- **WORK TASK**: This task requires every entry to be set down again exactly.

>>>>

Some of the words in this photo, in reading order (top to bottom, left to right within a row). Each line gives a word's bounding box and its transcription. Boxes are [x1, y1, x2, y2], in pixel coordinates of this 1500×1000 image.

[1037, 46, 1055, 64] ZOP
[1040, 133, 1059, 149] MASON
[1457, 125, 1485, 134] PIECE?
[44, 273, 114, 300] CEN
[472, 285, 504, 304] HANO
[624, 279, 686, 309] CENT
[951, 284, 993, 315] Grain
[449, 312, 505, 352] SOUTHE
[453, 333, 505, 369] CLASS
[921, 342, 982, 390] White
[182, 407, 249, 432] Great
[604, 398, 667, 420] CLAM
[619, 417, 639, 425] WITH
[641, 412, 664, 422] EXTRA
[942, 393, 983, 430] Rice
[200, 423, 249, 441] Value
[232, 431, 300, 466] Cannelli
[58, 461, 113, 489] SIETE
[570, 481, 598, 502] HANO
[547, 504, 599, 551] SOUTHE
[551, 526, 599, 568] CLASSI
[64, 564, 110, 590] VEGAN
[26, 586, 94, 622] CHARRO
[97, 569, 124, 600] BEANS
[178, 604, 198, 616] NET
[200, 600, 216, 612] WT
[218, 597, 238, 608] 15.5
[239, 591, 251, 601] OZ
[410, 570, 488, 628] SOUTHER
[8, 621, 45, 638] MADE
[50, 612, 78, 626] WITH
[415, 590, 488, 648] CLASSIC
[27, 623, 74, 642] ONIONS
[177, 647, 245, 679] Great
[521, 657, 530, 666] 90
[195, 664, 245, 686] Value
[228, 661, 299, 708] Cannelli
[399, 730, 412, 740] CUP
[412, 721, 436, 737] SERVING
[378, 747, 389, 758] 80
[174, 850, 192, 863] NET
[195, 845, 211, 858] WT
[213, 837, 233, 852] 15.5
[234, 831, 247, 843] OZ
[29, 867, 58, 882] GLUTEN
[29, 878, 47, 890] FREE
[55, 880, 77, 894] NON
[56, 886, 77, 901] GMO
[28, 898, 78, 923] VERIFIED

<<<<

- **EXERCISE SOLUTION**:
Some of the words in this photo, in reading order (top to bottom, left to right within a row). Each line gives a word's bounding box and its transcription. Boxes are [x1, y1, x2, y2], in pixel coordinates of this 1500×1000 image.

[1037, 46, 1055, 64] ZOP
[1040, 133, 1059, 149] MASON
[1457, 125, 1485, 134] PIECE?
[44, 273, 114, 300] CEN
[472, 285, 504, 304] HANO
[624, 279, 686, 309] CENT
[951, 284, 993, 315] Grain
[449, 312, 505, 352] SOUTHE
[453, 333, 505, 369] CLASS
[921, 342, 982, 390] White
[182, 407, 249, 432] Great
[604, 398, 667, 420] CLAM
[619, 417, 639, 425] WITH
[641, 412, 664, 422] EXTRA
[942, 393, 983, 430] Rice
[200, 423, 249, 441] Value
[232, 431, 300, 466] Cannelli
[58, 461, 113, 489] SIETE
[570, 481, 598, 502] HANO
[547, 504, 599, 551] SOUTHE
[551, 526, 599, 568] CLASSI
[64, 564, 110, 590] VEGAN
[26, 586, 94, 622] CHARRO
[97, 569, 124, 600] BEANS
[178, 604, 198, 616] NET
[200, 600, 216, 612] WT
[218, 597, 238, 608] 15.5
[239, 591, 251, 601] OZ
[410, 570, 488, 628] SOUTHER
[8, 621, 45, 638] MADE
[50, 612, 78, 626] WITH
[415, 590, 488, 648] CLASSIC
[27, 623, 74, 642] ONIONS
[177, 647, 245, 679] Great
[521, 657, 530, 666] 90
[195, 664, 245, 686] Value
[228, 661, 299, 708] Cannelli
[399, 730, 412, 740] CUP
[412, 721, 436, 737] SERVING
[378, 747, 389, 758] 80
[174, 850, 192, 863] NET
[195, 845, 211, 858] WT
[213, 837, 233, 852] 15.5
[234, 831, 247, 843] OZ
[29, 867, 58, 882] GLUTEN
[29, 878, 47, 890] FREE
[55, 880, 77, 894] NON
[56, 886, 77, 901] GMO
[28, 898, 78, 923] VERIFIED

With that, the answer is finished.